云安全中心支持自动化攻击溯源,可对攻击事件进行自动化溯源并提供原始数据预览。
背景信息
云安全中心攻击溯源功能结合多种云产品日志,通过大数据分析引擎对数据进行加工、聚合、可视化,形成攻击者入侵的链路图,帮助您在最短时间内定位入侵原因和制定应急决策。攻击溯源适用于云环境下的Web入侵、蠕虫事件、勒索病毒、主动连接恶意下载源等场景的应急响应与溯源。
云安全中心会在检测到威胁后10分钟,生成自动化攻击溯源的链路。建议您在告警发生10分钟后,再查看该告警相关的攻击溯源信息。
目前,云安全中心攻击溯源已支持所有安全告警类型。详细了解安全告警类型,请参见安全告警类型列表。
仅企业版支持自动化攻击溯源,基础版、基础杀毒版、高级版用户需升级到企业版才能使用该功能。

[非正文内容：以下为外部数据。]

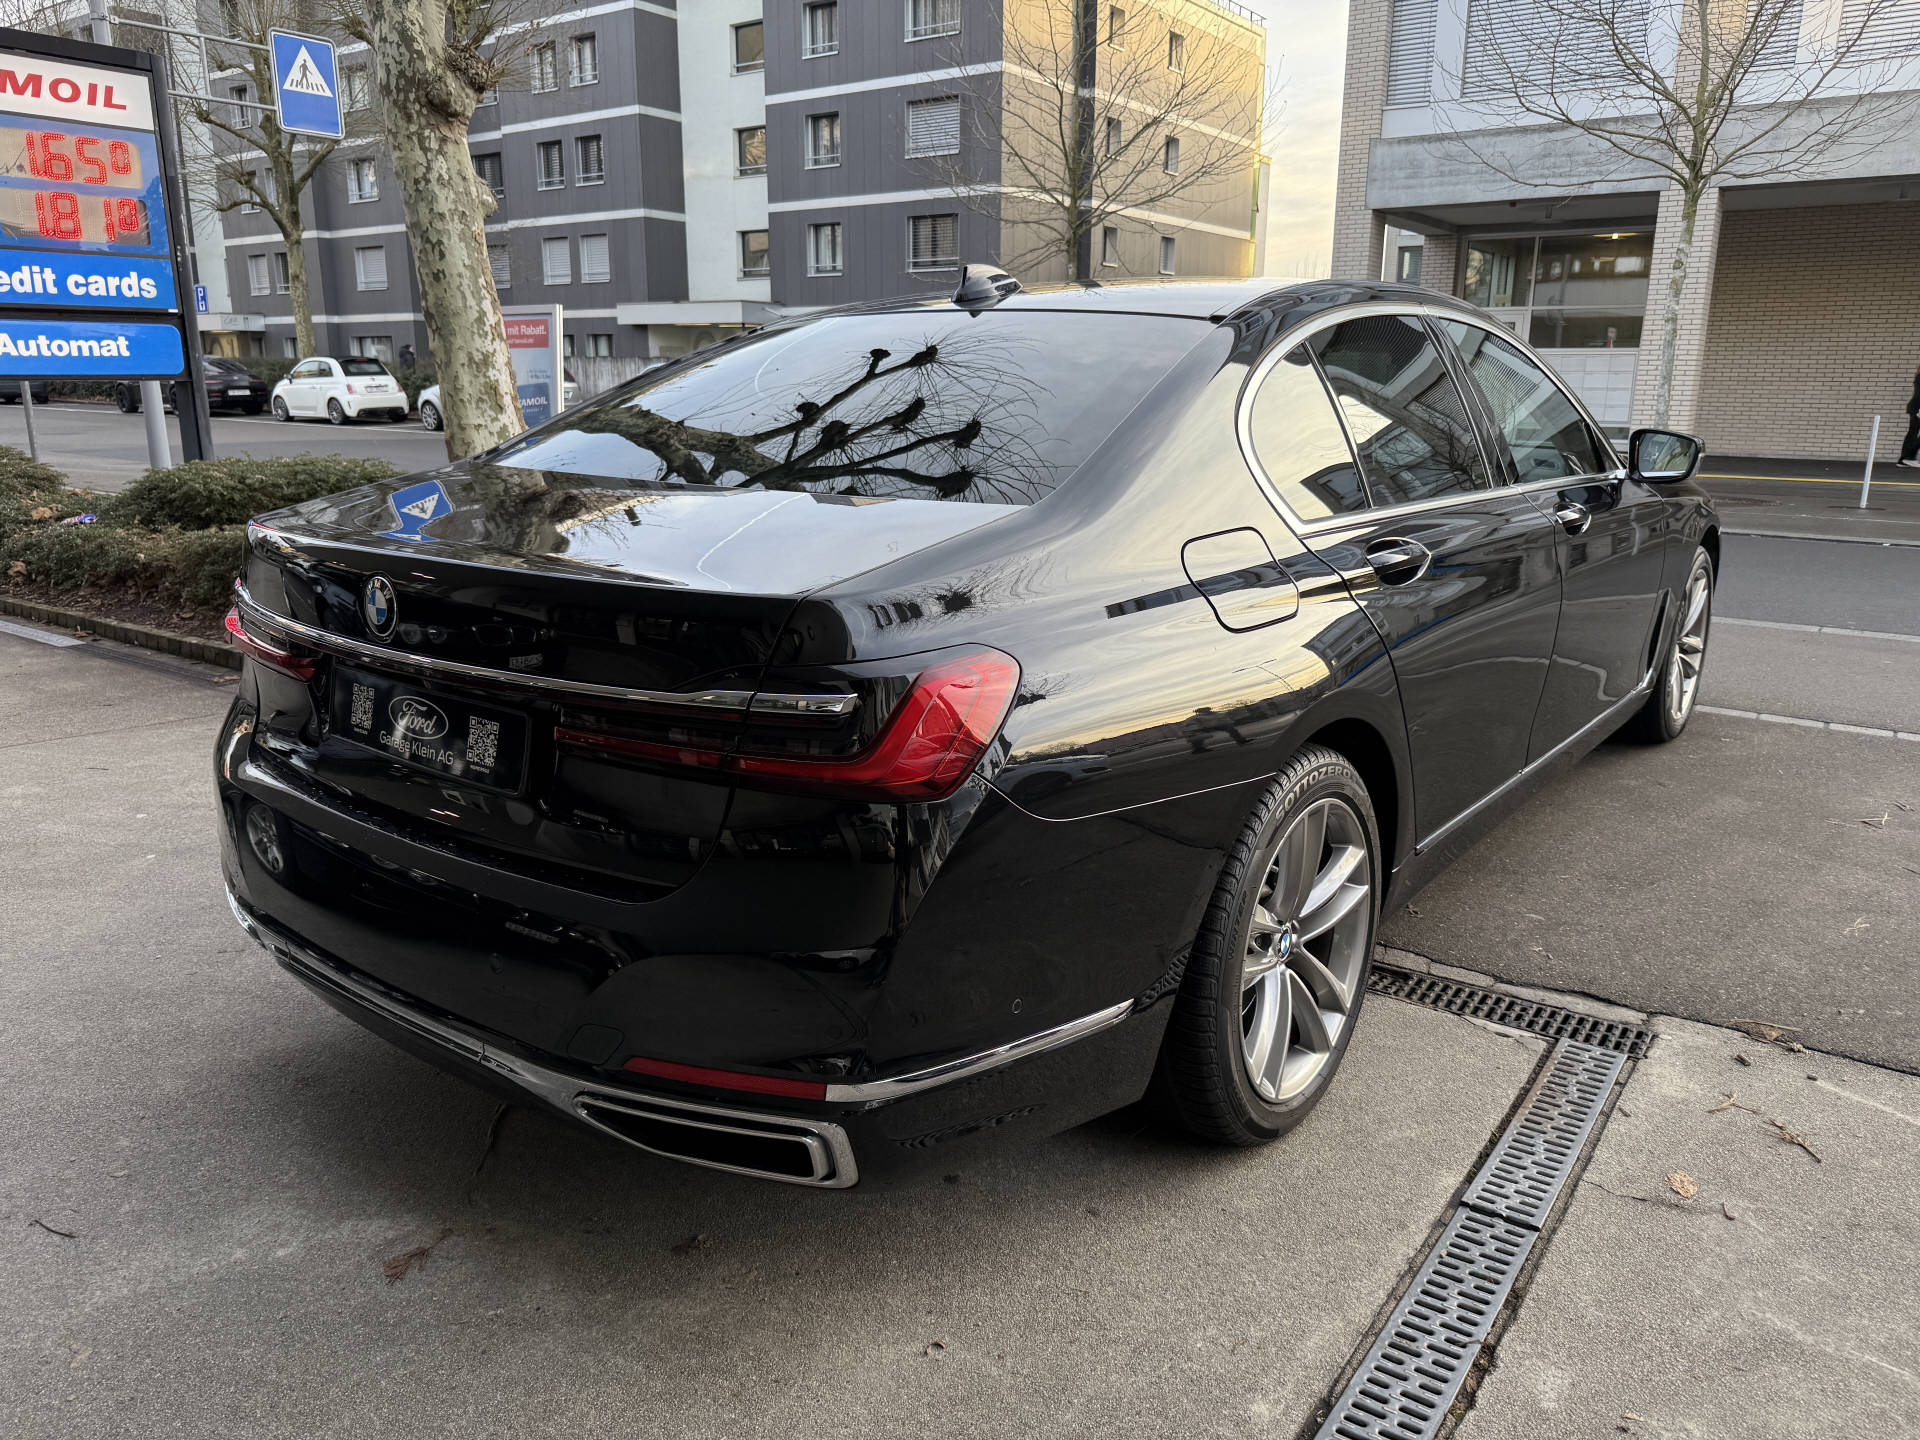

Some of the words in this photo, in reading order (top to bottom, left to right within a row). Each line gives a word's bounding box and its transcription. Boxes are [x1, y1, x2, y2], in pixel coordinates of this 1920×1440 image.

说明 安全告警触发后超过3个月,该告警的自动化攻击溯源信息将被自动清除。请您及时查看告警事件的攻击溯源信息。
限制说明
- 自动化攻击溯源是由安全大数据关联计算得出,部分攻击行为可能由于黑客攻击未形成攻击链而无法展示溯源信息,此类情况下可直接查看告警详情。
- 对于恶意进程(云查杀)这类告警,由于云安全中心会对此类攻击执行自动处理(告警状态为已防御),因此默认不提供恶意进程(云查杀)的攻击溯源信息。
操作步骤
- 在安全告警处理页面,定位到有溯源图标的告警事件,并单击溯源
图标。单击溯源,您可在告警溯源页面查看攻击告警名称、告警类型、影响的资源、攻击源IP、HTTP请求详情和攻击请求的详细内容。
在溯源可视图中,您可以查看该攻击溯源事件整个链路中各个节点的信息。单击各个节点展示该节点的节点属性页面,您可以查看该节点的相关信息。
告警溯源案例
- 蠕虫传播事件
下图描述了蠕虫传播源(例如:
185.234.*.*)通过SSH暴力破解成功登录到服务器,并通过bash执行curl指令从远端下载挖矿程序并在服务器中执行该挖矿程序。
- Web漏洞入侵事件
下图描述了黑客通过服务器(例如:
202.144.*.*)发起攻击,通过Web漏洞向Linux服务器植入恶意Shell脚本和挖矿程序,同时将代码写入计划任务(crond)实现攻击持久化。您可以通过溯源页面的节点信息,清晰地了解这一过程。此外,还可以观察到攻击者的多个IP及恶意下载源URL信息。
单击图中HTTP攻击节点查看详细信息。流量数据表明入侵者通过Apache Solr未授权访问漏洞控制API接口执行系统命令,您可以针对此漏洞快速进行修复。